Everything in the records must be restated exactly, apart from the pictures.
--- START ---
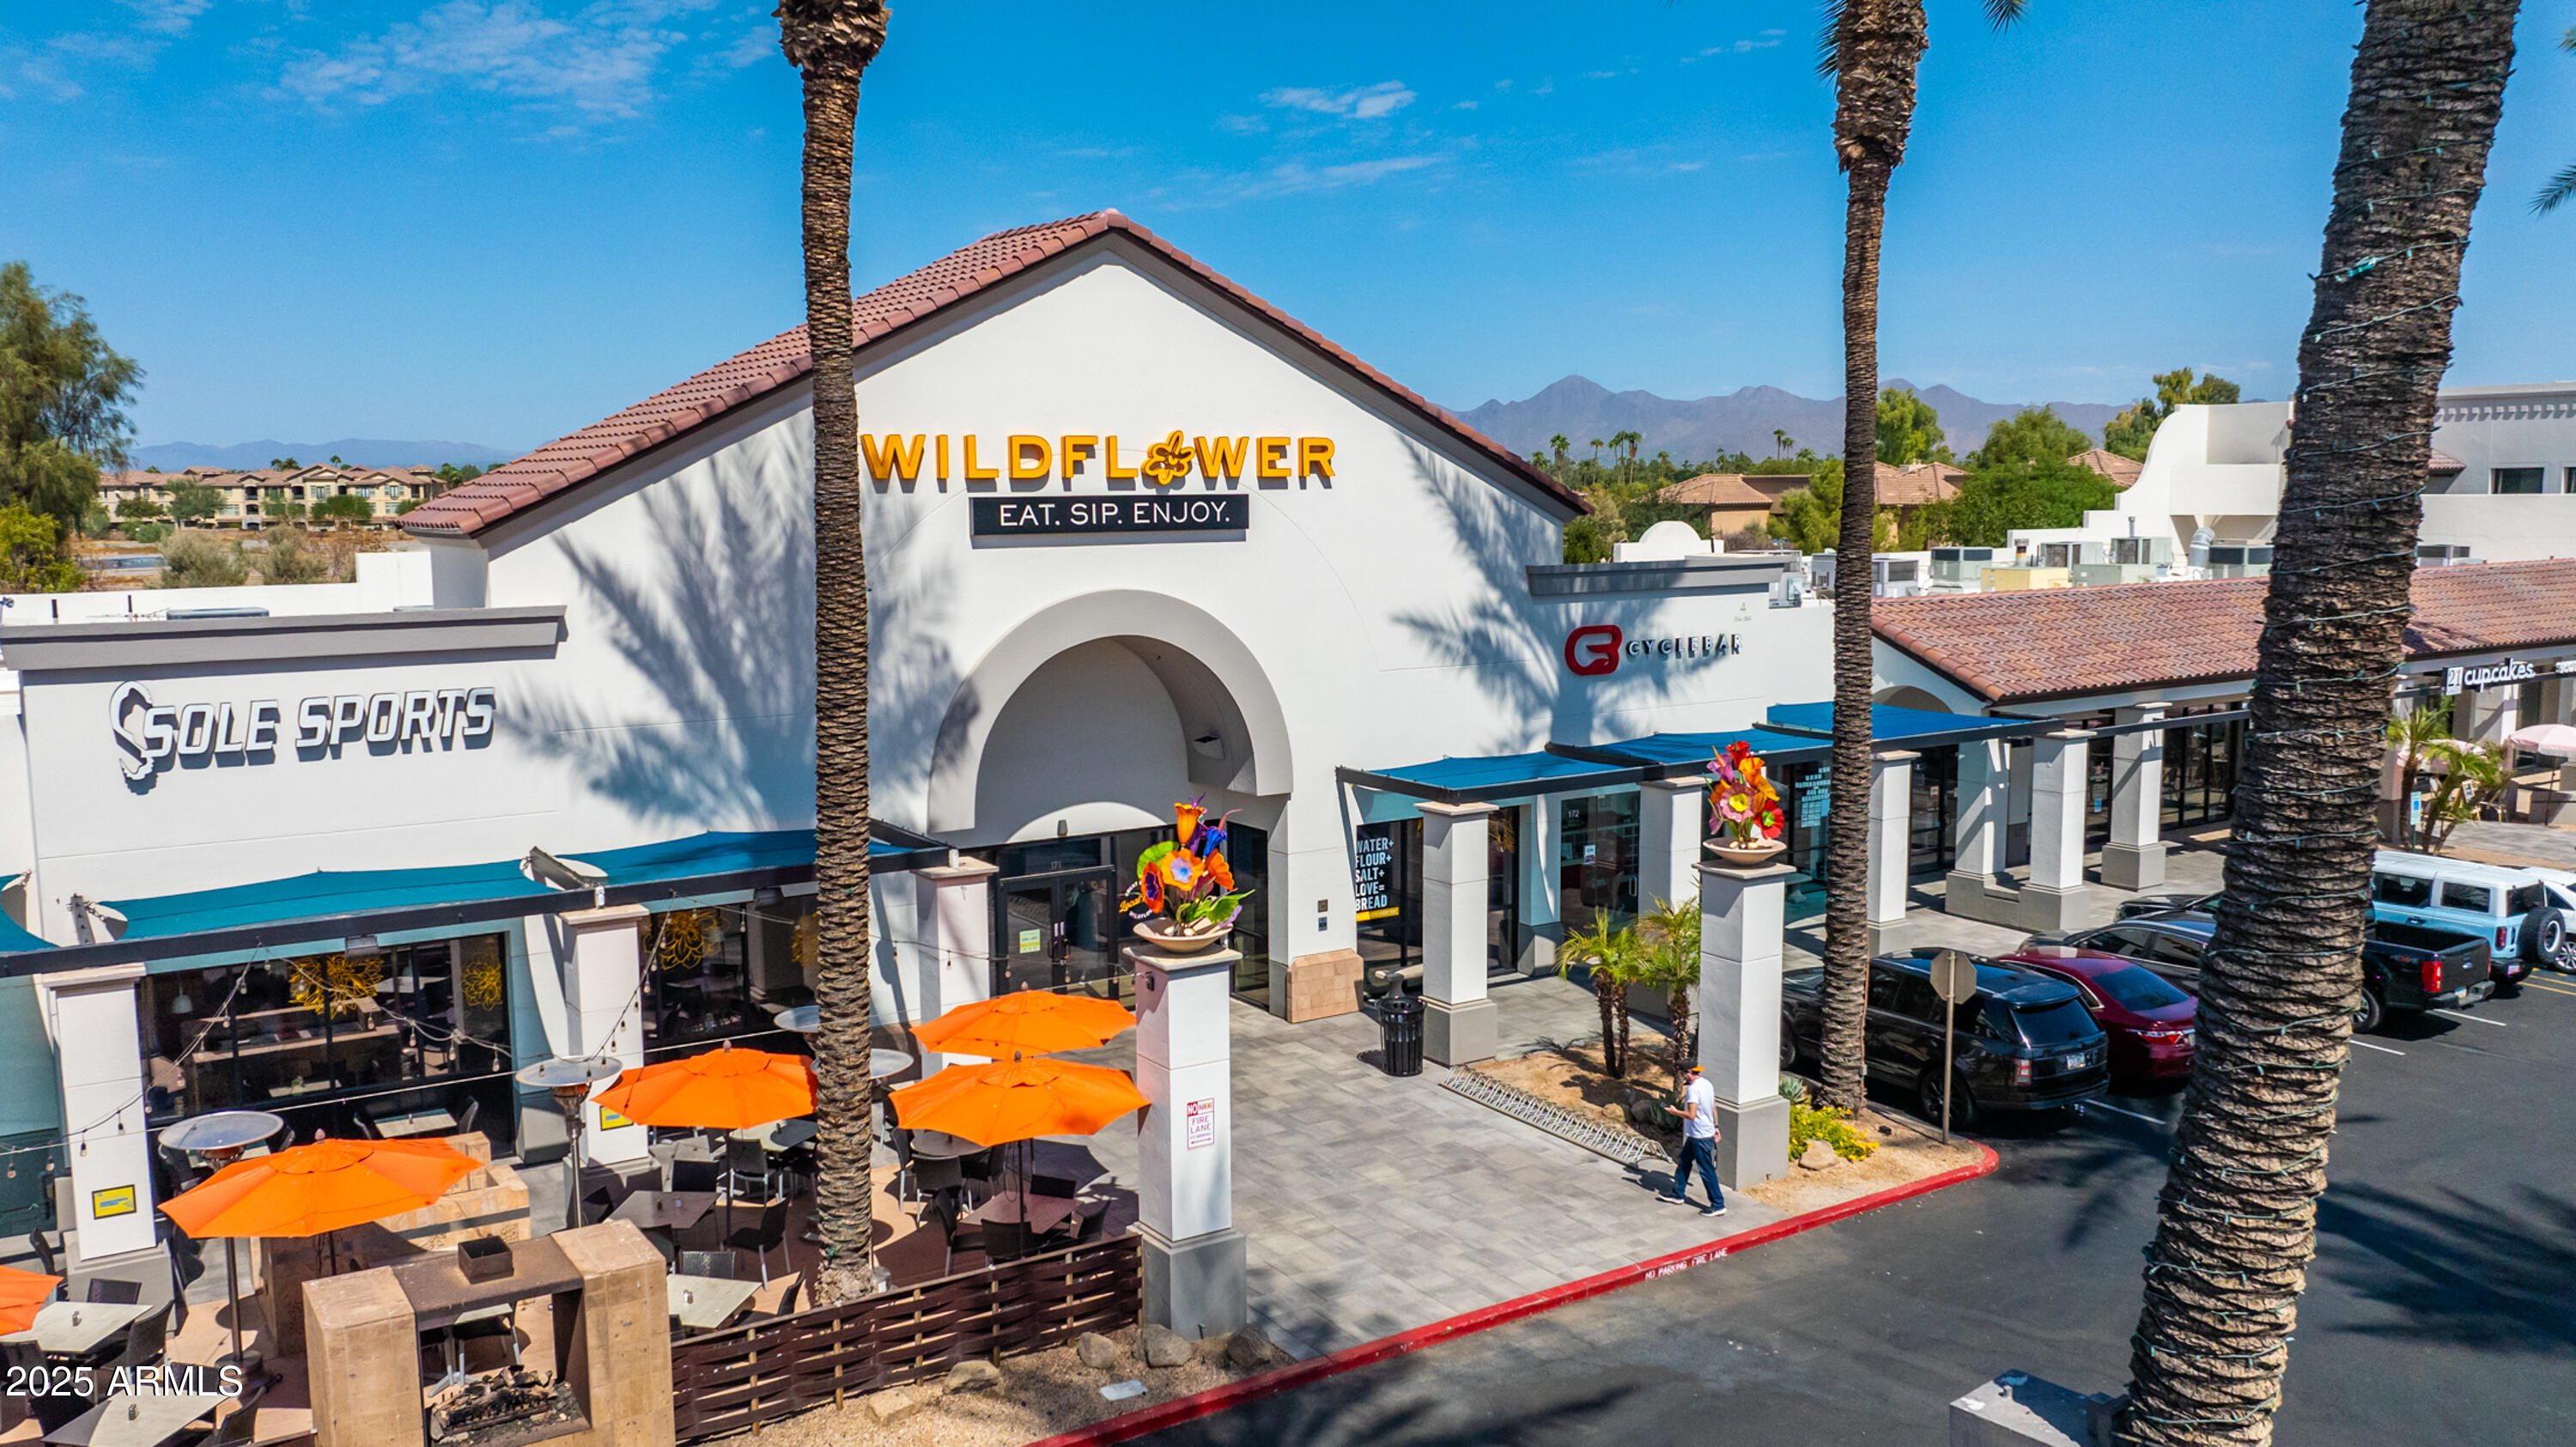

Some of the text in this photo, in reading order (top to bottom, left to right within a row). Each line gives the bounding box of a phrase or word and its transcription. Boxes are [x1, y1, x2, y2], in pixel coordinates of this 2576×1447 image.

[999, 501, 1230, 526] EAT. SIP. ENJOY.
[1627, 633, 1743, 657] CYCLEBAR
[2464, 658, 2536, 693] cupcakes
[143, 687, 496, 757] SOLE SPORTS
[1356, 894, 1388, 911] BREAD
[1188, 1103, 1198, 1116] NO
[1193, 1115, 1209, 1125] FIRE
[1190, 1123, 1211, 1134] LANE
[1645, 1270, 1656, 1280] NO
[1658, 1261, 1687, 1276] PARKING
[1710, 1247, 1728, 1261] LANE
--- END ---
- _EXERCISE OUTPUT_
Some of the text in this photo, in reading order (top to bottom, left to right within a row). Each line gives the bounding box of a phrase or word and its transcription. Boxes are [x1, y1, x2, y2], in pixel coordinates of this 2576×1447 image.

[999, 501, 1230, 526] EAT. SIP. ENJOY.
[1627, 633, 1743, 657] CYCLEBAR
[2464, 658, 2536, 693] cupcakes
[143, 687, 496, 757] SOLE SPORTS
[1356, 894, 1388, 911] BREAD
[1188, 1103, 1198, 1116] NO
[1193, 1115, 1209, 1125] FIRE
[1190, 1123, 1211, 1134] LANE
[1645, 1270, 1656, 1280] NO
[1658, 1261, 1687, 1276] PARKING
[1710, 1247, 1728, 1261] LANE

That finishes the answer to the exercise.